The Ministerial Forum, a high-level meeting that is to take place biennially, brings together the following: Foreign Ministers of the Caribbean Community (CARICOM) and the Dominican Republic, UK Foreign, Commonwealth & Development Office (FCDO) ministers and representatives from UK overseas territories, among others. As the administrative arm of the Community, the CARICOM Secretariat plays an important backstopping role.

Traditionally, the two sides have leveraged the Ministerial Forum to make steady progress in their partnership, which focuses on shared interests, challenges and values.

UK-Caribbean Relations in a Time of Brexit-induced Change

As an episode of diplomacy between long-standing partners, the Tenth Ministerial Forum stands out as it came just two days after the release of the ‘Integrated Review 2021’ titled Global Britain in a competitive age (hereafter Global Britain). The timing of the release of Global Britain has not gone down well in some quarters, where it is felt the Caribbean side did not have sufficient time to factor Global Britain into its preparations for and negotiations of the Tenth Ministerial Forum’s outcome documents. Others have downplayed such concerns, contending that the timing of the Review’s release did not have any significant impact on the proceedings because UK authorities would already have “telegraphed” positions prior to the Tenth Ministerial Forum. The jointly agreed Forum agenda, a source familiar with the talks suggests, might also have given an indication.

The Ministerial Forum in question ended with a comprehensive agreement on how to move forward on this partnership, asserting fresh impetus. It charted an ambitious roadmap for UK-Caribbean relations, which London- and field-based FCDO and other UK government representatives will work to advance in concert with Caribbean regional and national focal points, along with British territories’ points of contact.

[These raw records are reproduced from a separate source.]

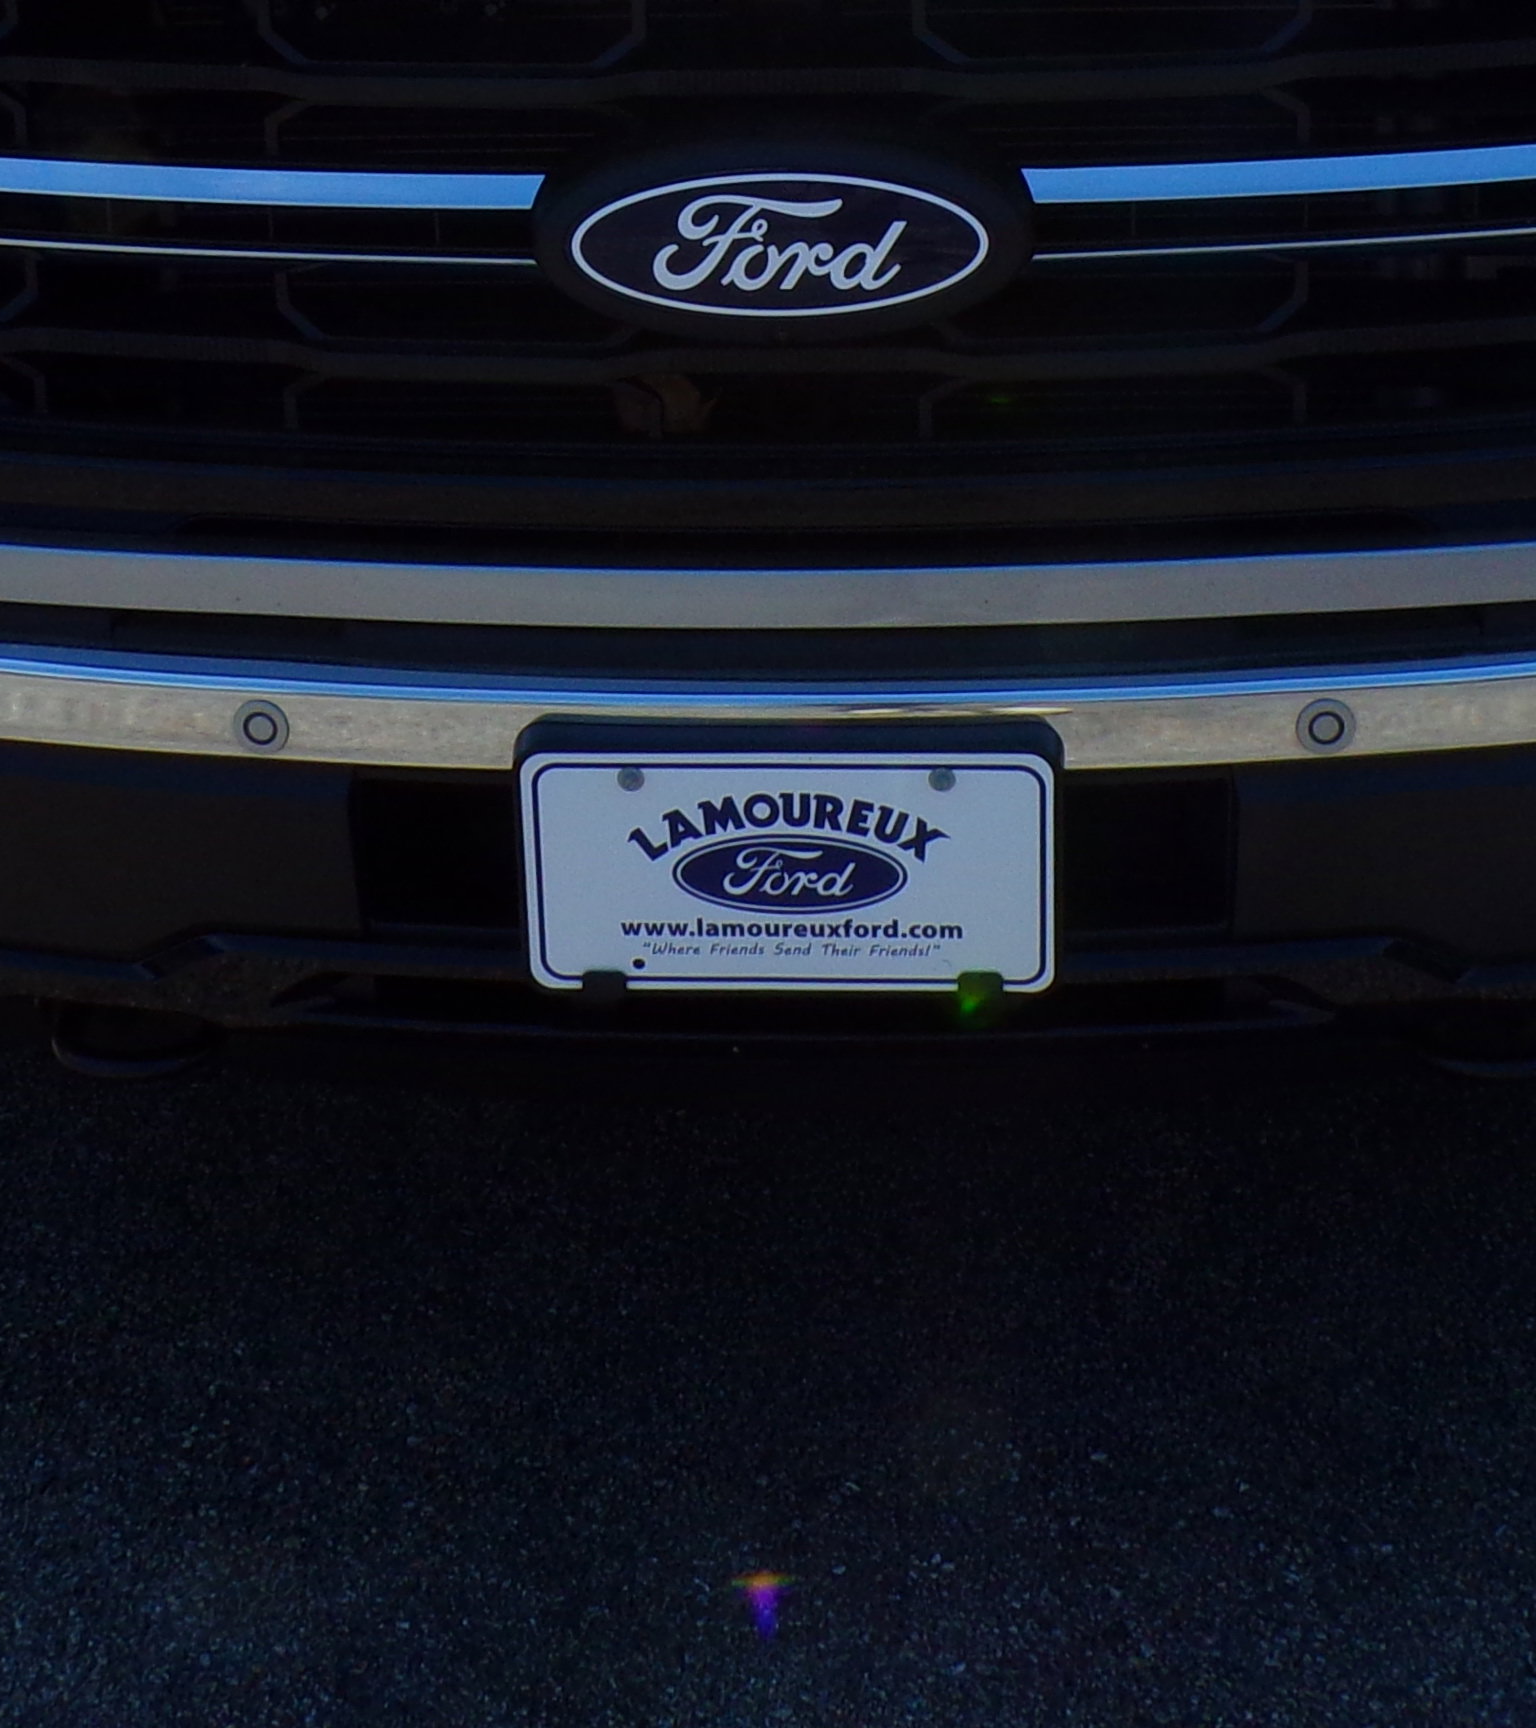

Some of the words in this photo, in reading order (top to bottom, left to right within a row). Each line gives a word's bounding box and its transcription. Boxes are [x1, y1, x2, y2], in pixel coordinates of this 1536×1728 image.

[653, 194, 908, 291] Ford
[627, 792, 952, 863] LAMOUREUX
[723, 845, 856, 897] Ford
[620, 918, 963, 939] www.lamoureuxford.com
[642, 942, 701, 956] "Where
[709, 942, 765, 957] Friends
[773, 942, 812, 957] Send
[822, 943, 861, 957] Their
[868, 944, 942, 958] Friends!"

As the COVID-19 crisis continues to take a toll on the wider Caribbean region, the UK’s support of the COVAX initiative is in the spotlight. In addition, Caribbean representatives hailed Britain’s recent multi-million pound contribution to the Caribbean Development Bank’s Special Development Fund. At a time when so many of the world’s most powerful states and biggest economies are hedging on COVID-19-related multilateralism, the British government’s immediate and tangible support in this area is laudable.

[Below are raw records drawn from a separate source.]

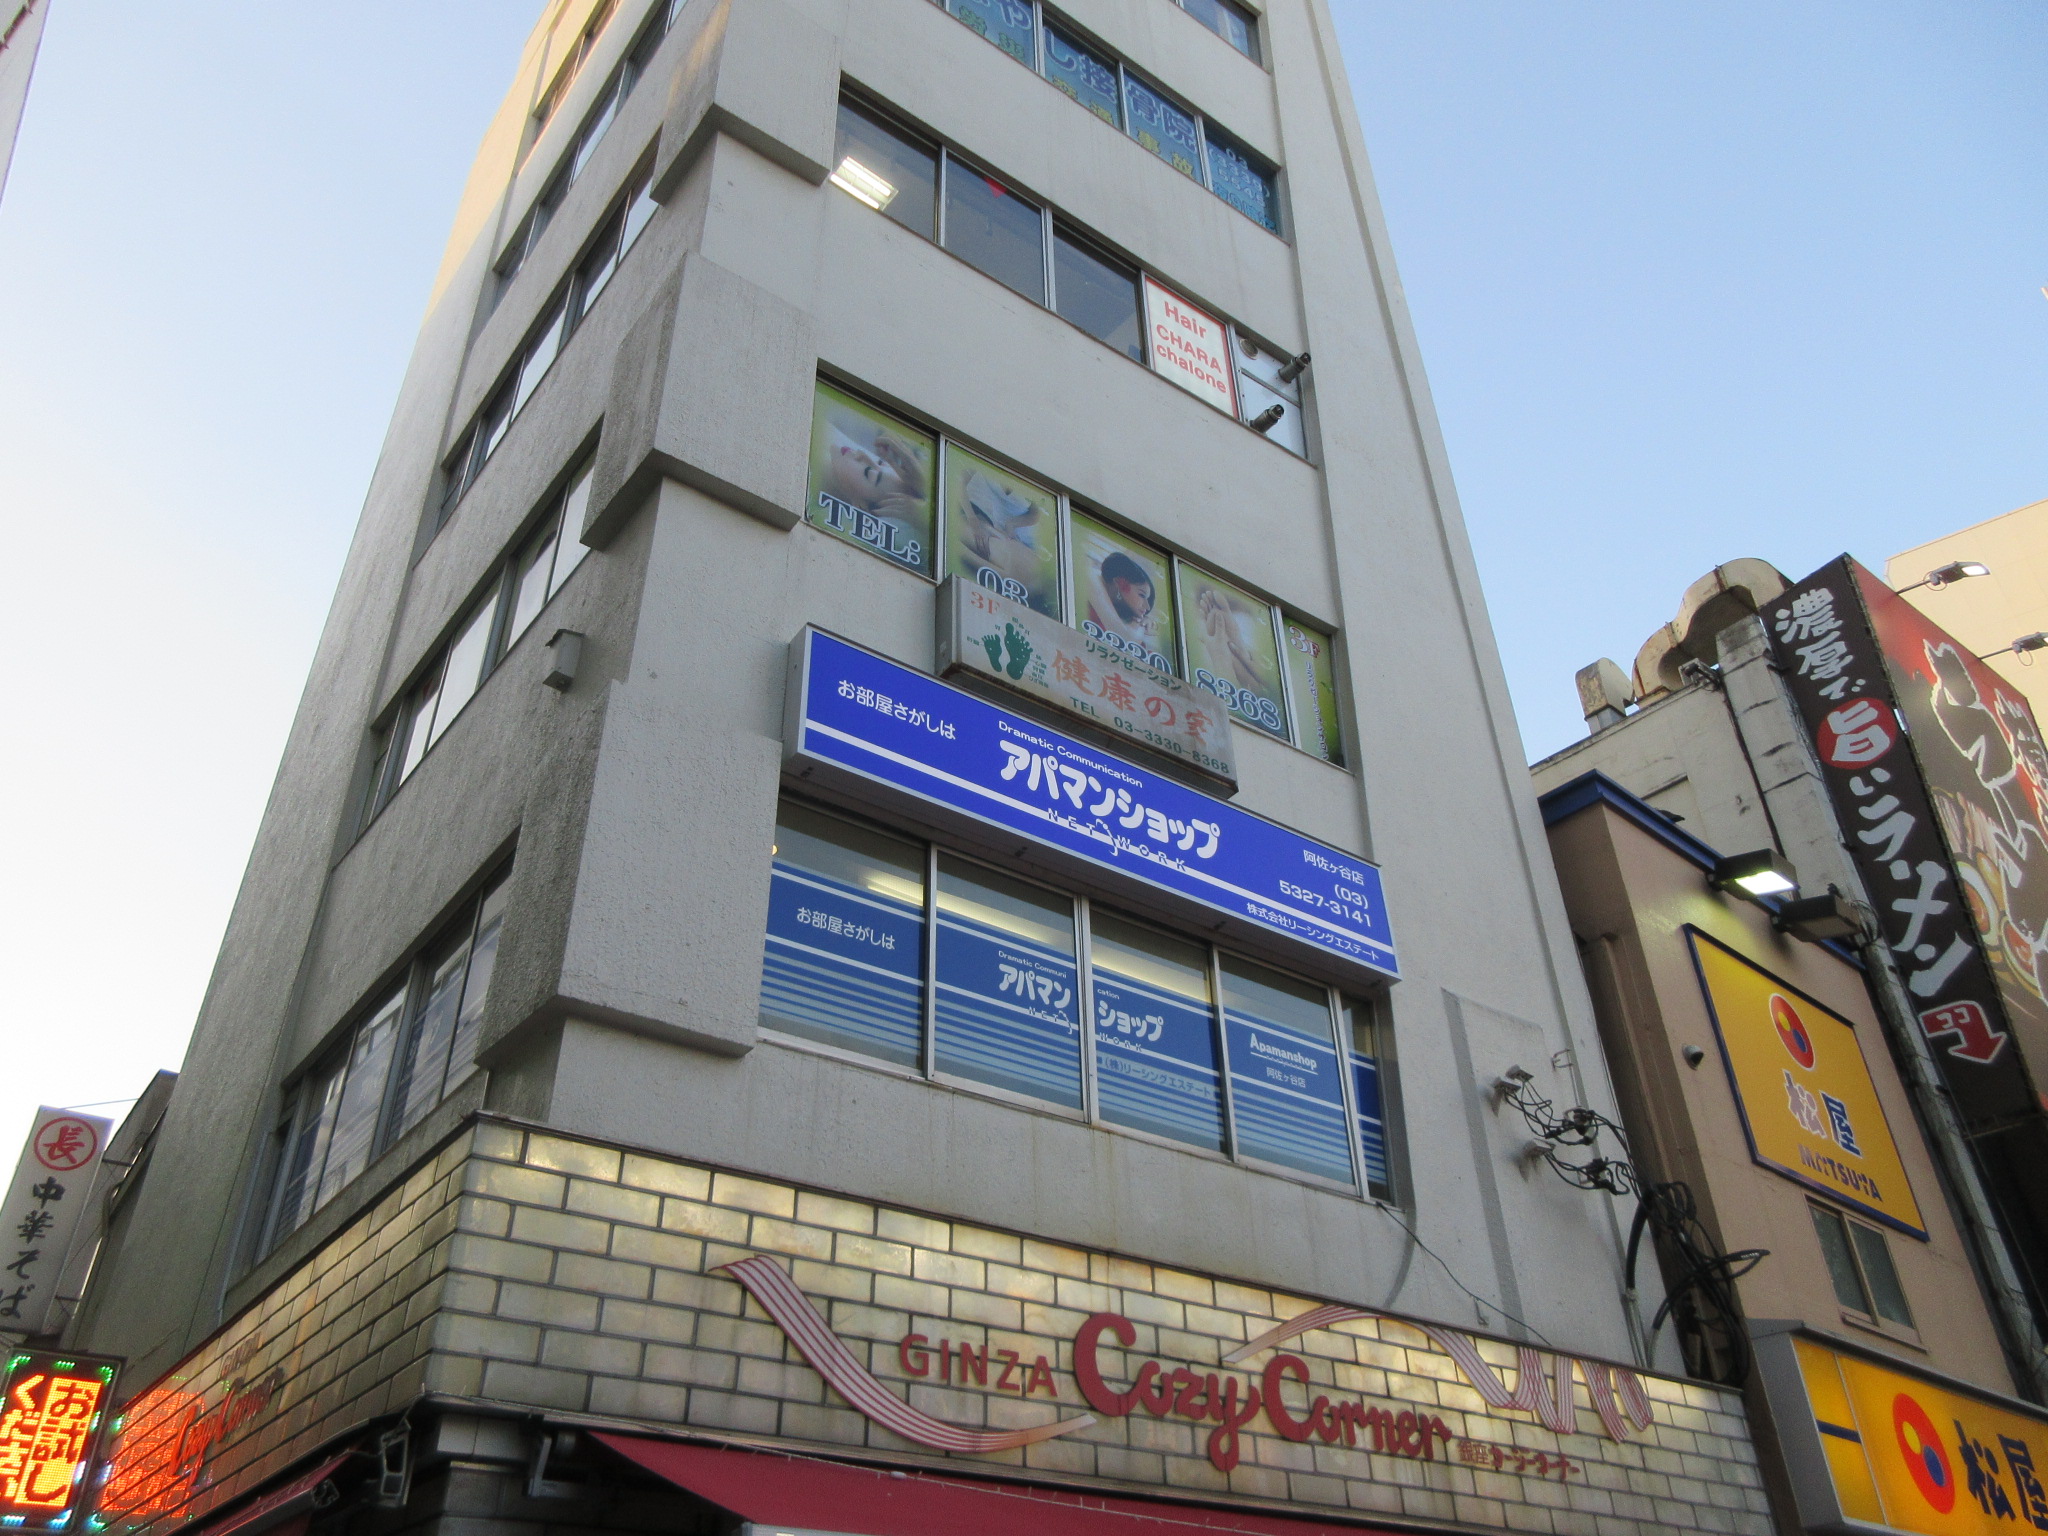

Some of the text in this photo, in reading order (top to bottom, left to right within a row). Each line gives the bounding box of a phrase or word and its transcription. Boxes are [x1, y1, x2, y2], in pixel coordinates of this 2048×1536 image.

[1164, 300, 1207, 339] Hair
[1156, 324, 1222, 374] CHARA
[1156, 344, 1227, 394] chalone
[818, 491, 922, 566] TEL:
[1195, 667, 1281, 730] 8368
[970, 590, 1001, 615] 3F
[1085, 639, 1182, 691] リラクゼーション
[1289, 625, 1321, 659] 3F
[837, 679, 956, 740] お部屋さがしは
[1069, 696, 1230, 774] TEL 03-3330-8368
[998, 720, 1143, 788] Dramatic Communication
[999, 739, 1221, 859] アパマンショップ
[1279, 879, 1372, 927] 5327-3141
[1334, 884, 1369, 909] (03)
[796, 907, 895, 951] お部屋さがしは
[1246, 902, 1379, 961] 株式会社リーシングエステート
[998, 950, 1033, 968] Dramatic
[1250, 1032, 1317, 1071] Apamanshop
[1783, 1068, 1863, 1159] 松屋
[43, 1124, 85, 1165] 長
[0, 1175, 66, 1320] 中華そば
[900, 1312, 1453, 1472] GINZA Cozy Corner
[24, 1381, 94, 1502] お試し
[1953, 1419, 2048, 1532] 松屋

As for Global Britain, it focuses on the UK’s global affairs, asserting sovereignty and prestige. In the overall scheme of things, Global Britain offers insights into the UK’s approach to the Caribbean. In recognition of the heterogeneity of nations comprising the Caribbean regional construct per the UK-Caribbean relations frame, as well as national interests, it has been suggested that Global Britain compels reflection on how they “should in future relate to a changing Britain and where their own interests lie”. The issue here is foreign policy-related (re-)alignments, focusing on a range of concerns and opportunities. Another consideration is the increasingly insecure position of the UK Caribbean territories post-Brexit, especially as most of them are associate members of CARICOM.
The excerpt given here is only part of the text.